T&T is honored to have seasoned journalist, Justin Lafferty, contributing this guest entry. Sprocket

On Friday, nearly 2,000 pages of grand jury transcripts in the case against former Sunday school teacher Melissa Huckaby were released to the public, giving people a glimpse for the first time of what really happened to 8-year-old Sandra Cantu.

San Joaquin County chief medical examiner Bennet Omalu told the grand jury that Huckaby was a “calm, calculating mind at work.” Sandra’s body — which had been drugged, choked, beaten, molested and killed — was found in a black Eddie Bauer suitcase on April 6, 2009, north of town in a dairy lagoon that the farm owner said holds the waste of farm animals.

The girl was killed on the same day that she went missing, March 27, 2009.

Sandra lived in the same mobile home park as Huckaby in Tracy, Calif., a town of about 80,000 and a popular choice for many people who commute to the San Francisco Bay Area for work.

Suspicious activity

The transcripts show that Huckaby, 29, didn’t exactly keep quiet about the crime, which kept her in the eye of authorities.

Huckaby, who said that someone had stolen her suitcase when Sandra was reported missing, was arrested on suspicion of homicide on April 11 last year after the statements she gave officers and detectives didn’t match up.
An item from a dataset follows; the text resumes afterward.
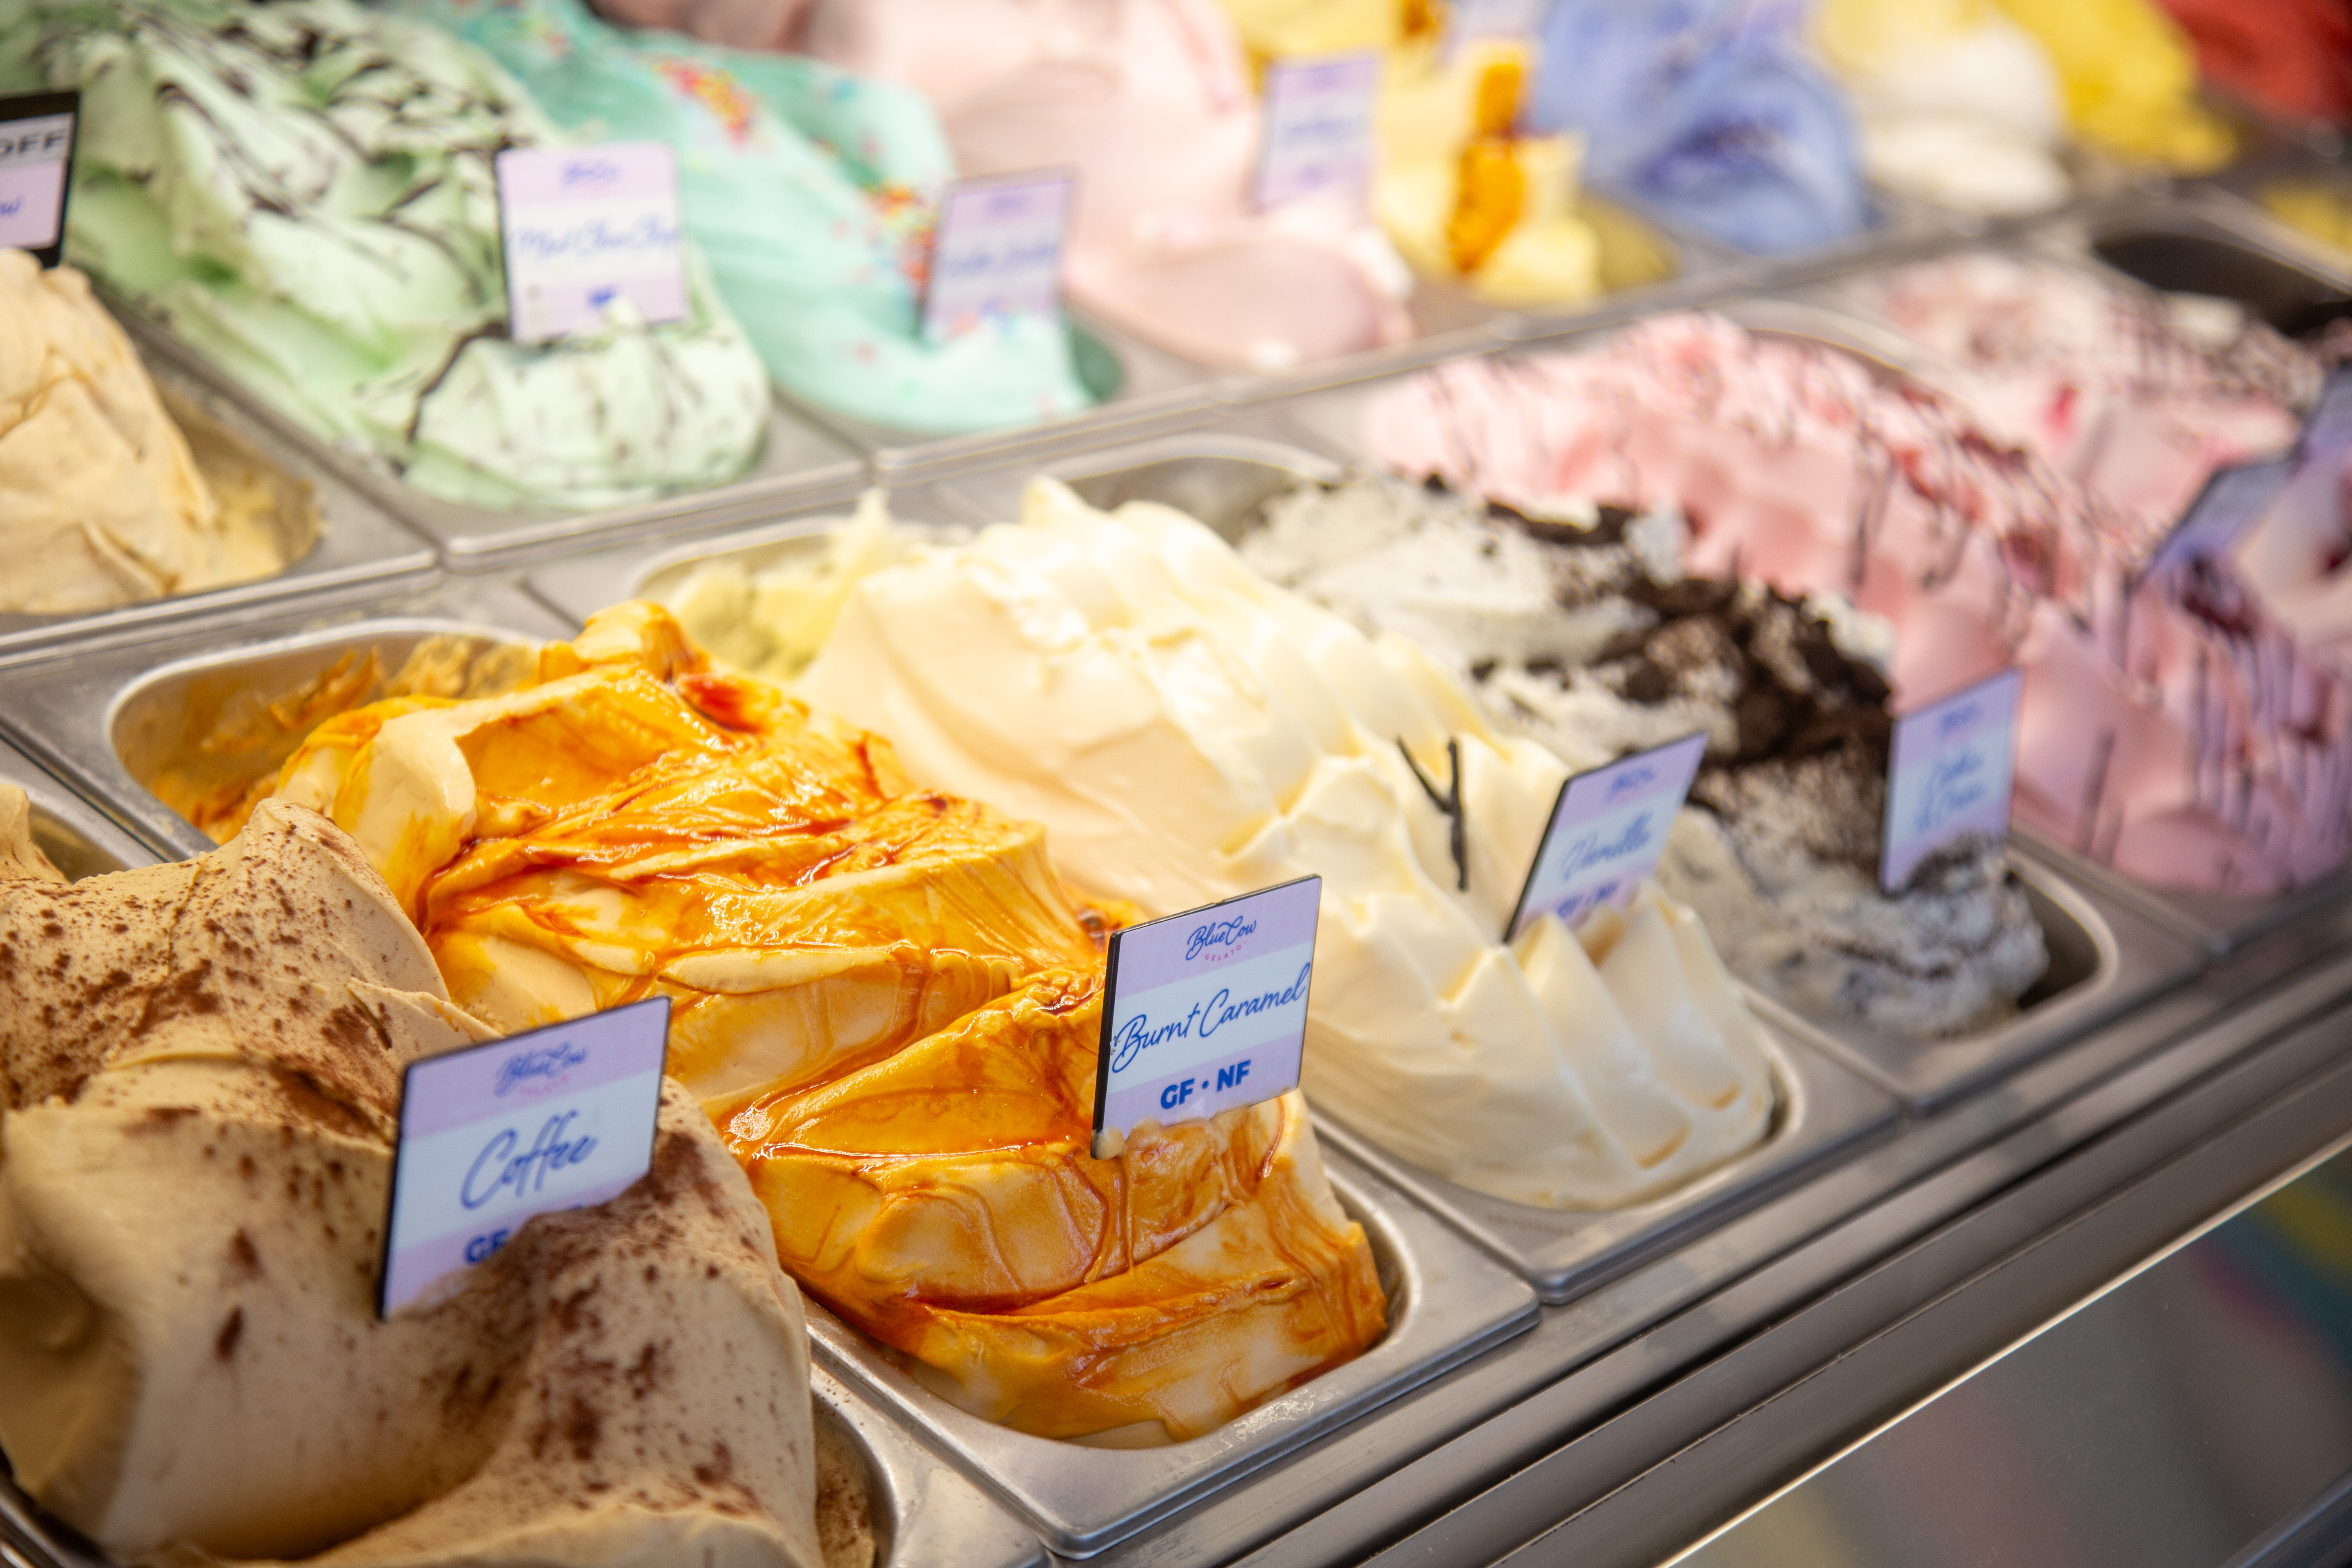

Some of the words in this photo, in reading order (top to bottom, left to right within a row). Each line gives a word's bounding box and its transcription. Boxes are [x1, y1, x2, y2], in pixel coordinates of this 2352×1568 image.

Huckaby even talked to my colleague, Tracy Press reporter Jennifer Wadsworth, over the phone about her suitcase.

“She told me repeatedly that it was a very large suitcase that could fit the body of a child inside of it and that's why she was so upset,” FBI special agent Adrienne Sparrow told the grand jury last year.

She pleaded guilty to the murder of the girl after the death penalty and sex charges were taken off the table on May 10, and was sentenced to life in prison without possibility of parole. Omalu said the official cause of Sandra’s death was “homicidal asphyxiation.”

Huckaby frantically ran to police the day after the murder, saying she found a note one day that read (sic), “Cantu locked in stolin suit case thrown in water onn Bacchetti Rd. & Whitehall Rd. Witness.” This surprised investigators, as Huckaby claimed she found the note on the ground on what they knew was a pretty windy day.

In the press conference after Huckaby’s sentencing, prosecutor Thomas Testa said Huckaby was “hyperventilating” as she gave the note to officers, but that her breathing quickly became normal when they questioned her.

Investigators found a notebook during a search of Huckaby’s home that had indentations matching the poorly spelled note.

Two days before Sandra’s body was found, Huckaby was admitted to the hospital after swallowing a razor blade. Though she claimed she was sleepwalking, Testa said this act showed “the consciousness of guilt.”

“Why do people hurt other people?” Huckaby asked a hospital social worker. “Because they are sick in their head, disgusting.”

The cell phones of Huckaby and her grandmother, Connie Lawless, were seized during the investigation, as well. A few text messages from Huckaby to her grandmother raised suspicion.

“They are having an 8:15 news briefing on the suitcase. That was fast. I hope they didn't find anything,” Huckaby texted to Lawless on the day the suitcase was found. “I hope she wasn't sexually assaulted.”

About a half hour before Tracy police spokesman Sgt. Tony Sheneman eventually announced in an emotional 9:15 p.m. press conference that the suitcase contained Sandra’s body, Huckaby sent a text message to Lawless — “It is her.”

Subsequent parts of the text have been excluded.